8. Performance-based Awards. The Board of Directors may grant awards intended to qualify as qualified performance-based compensation under Section 162(m) of the IRC and the regulations thereunder (“Performance-based Awards”). Performance-based Awards shall be denominated at the time of grant either in Common Stock (“Stock Performance Awards”) or in dollar amounts (“Dollar Performance Awards”). Payment under a Stock Performance Award or a Dollar Performance Award shall be made, at the discretion of the Board of Directors, in Common Stock (“Performance Shares”), or in cash or in any combination thereof. Performance-based Awards shall be subject to the following terms and conditions:
(a) Award Period. The Board of Directors shall determine the period of time for which a Performance-based Award is made (the “Award Period”).
(b) Performance Goals and Payment. The Board of Directors shall establish in writing objectives (“Performance Goals”) that must be met by the Company or any subsidiary, division or other unit of the Company (“Business Unit”) during the Award Period as a condition to payment being made under the Performance-based Award. The Performance Goals for each award shall be one or more targeted levels of performance with respect to one or more of the following objective measures with respect to the Company or any Business Unit: earnings, earnings per share, stock price increase, total shareholder return (stock price increase plus dividends), return on equity, return on assets, return on capital, economic value added, revenues, operating income, inventories, inventory turns, cash flows or any of the foregoing before the effect of acquisitions, divestitures, accounting changes, and restructuring and special charges (determined according to criteria established by the Board of Directors). The Board of Directors shall also establish the number of Performance Shares or the amount of cash payment to be made under a Performance-based Award if the Performance Goals are met or exceeded, including the fixing of a maximum payment (subject to Section 8(d)). The Board of Directors may establish other restrictions to payment under a Performance-based Award, such as a continued employment requirement, in addition to satisfaction of the Performance Goals. Some or all of the Performance Shares may be delivered to the participant at the time of the award as restricted shares subject to forfeiture in whole or in part if Performance Goals or, if applicable, other restrictions are not satisfied.

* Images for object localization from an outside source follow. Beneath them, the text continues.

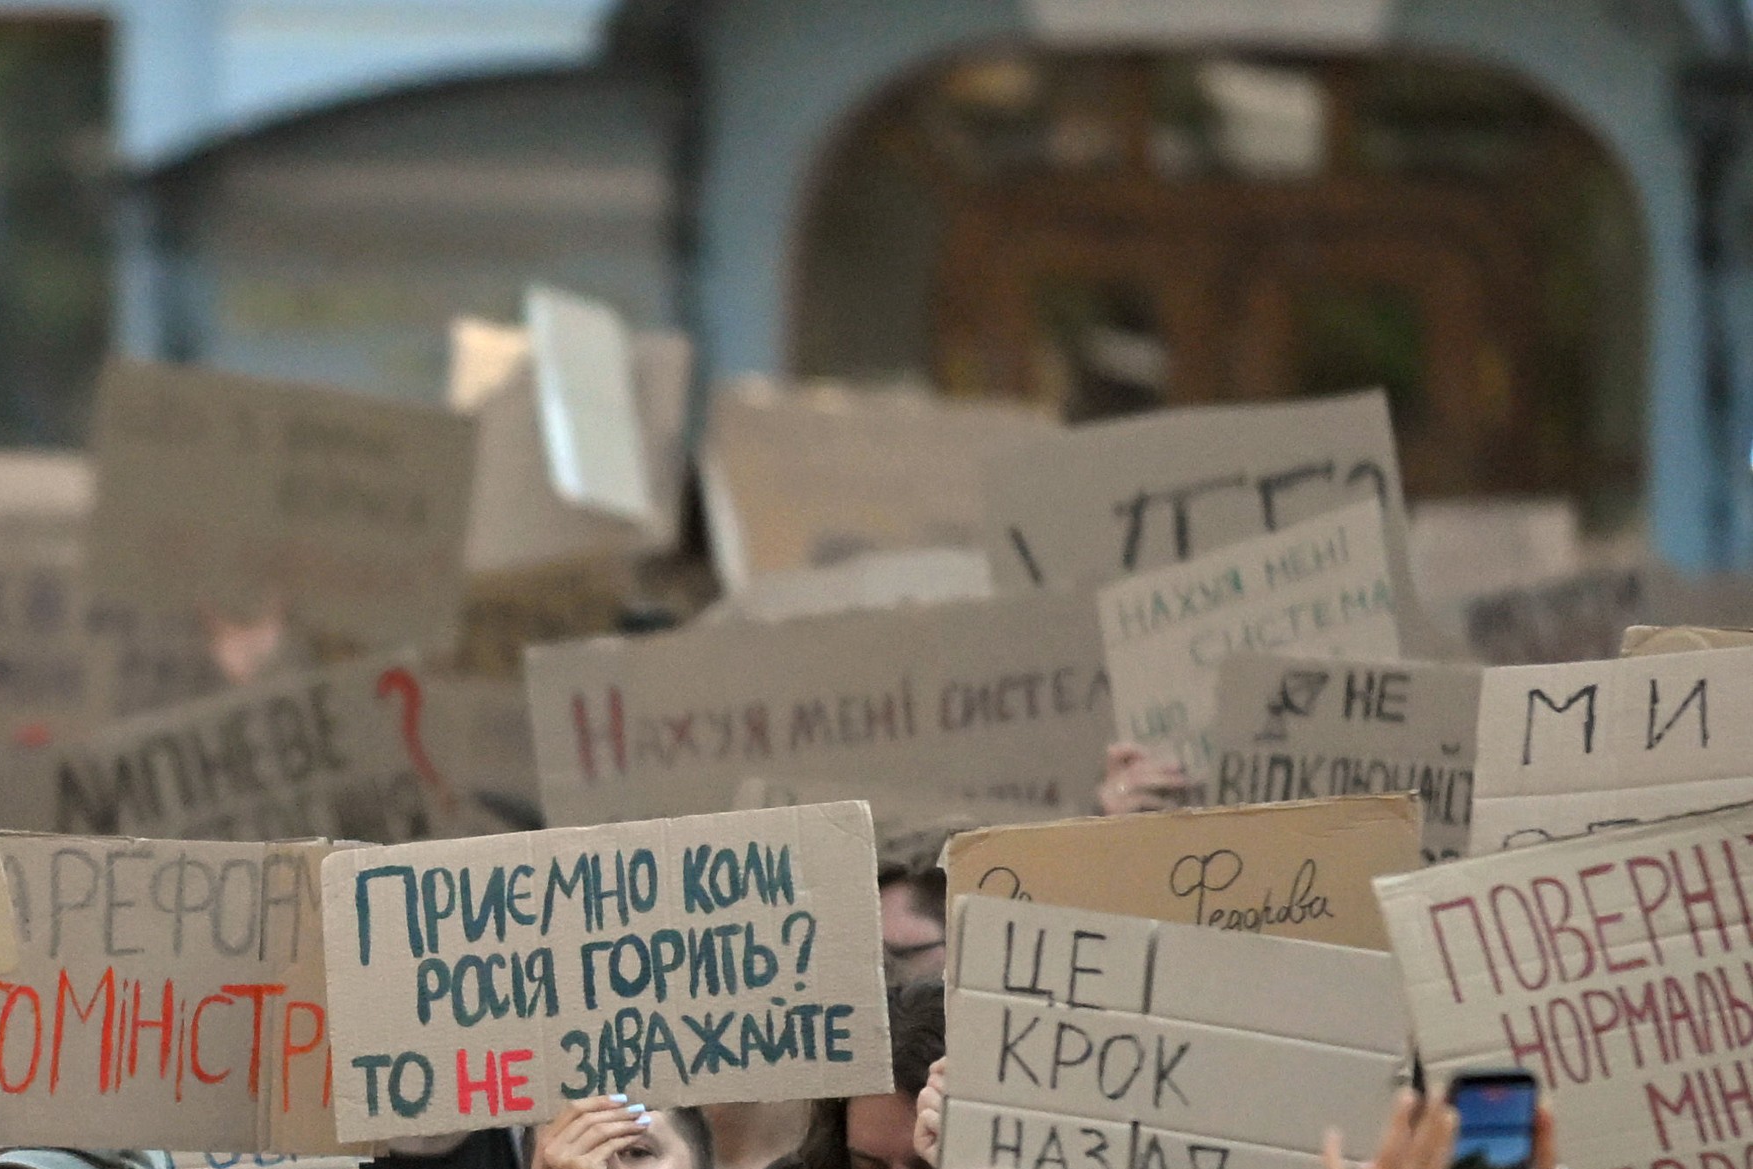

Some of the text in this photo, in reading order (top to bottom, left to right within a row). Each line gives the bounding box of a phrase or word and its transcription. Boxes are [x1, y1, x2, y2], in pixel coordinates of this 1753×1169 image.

[1342, 671, 1411, 723] НЕ
[1521, 677, 1710, 766] МИ
[355, 841, 795, 966] ПРИЄМНО КОЛИ
[1429, 832, 1753, 1003] ПОВЕРНІ
[417, 910, 816, 1027] РОСІЯ ГОРИТЬ?
[1003, 921, 1107, 1011] ЦЕ
[1500, 960, 1753, 1091] НОРМАЛЬ
[49, 966, 333, 1113] МІНІСТР
[352, 996, 855, 1118] ТО НЕ ЗАВАЖАЙТЕ
[997, 1009, 1192, 1109] КРОК

(c) Computation of Payment. During or after an Award Period, the performance of the Company or Business Unit, as applicable, during the period shall be measured against the Performance Goals. If the Performance Goals are not met, no payment shall be made under a Performance-based Award. If the Performance Goals are met or exceeded, the Board of Directors shall certify that fact in writing and certify the number of Performance Shares earned or the amount of cash payment to be made under the terms of the Performance-based Award.
(d) Maximum Awards. No participant may receive in any fiscal year Stock Performance Awards under which the aggregate amount payable under the Awards exceeds the equivalent of 50,000 shares of Common Stock or Dollar Performance Awards under which the aggregate amount payable under the Awards exceeds $1,000,000.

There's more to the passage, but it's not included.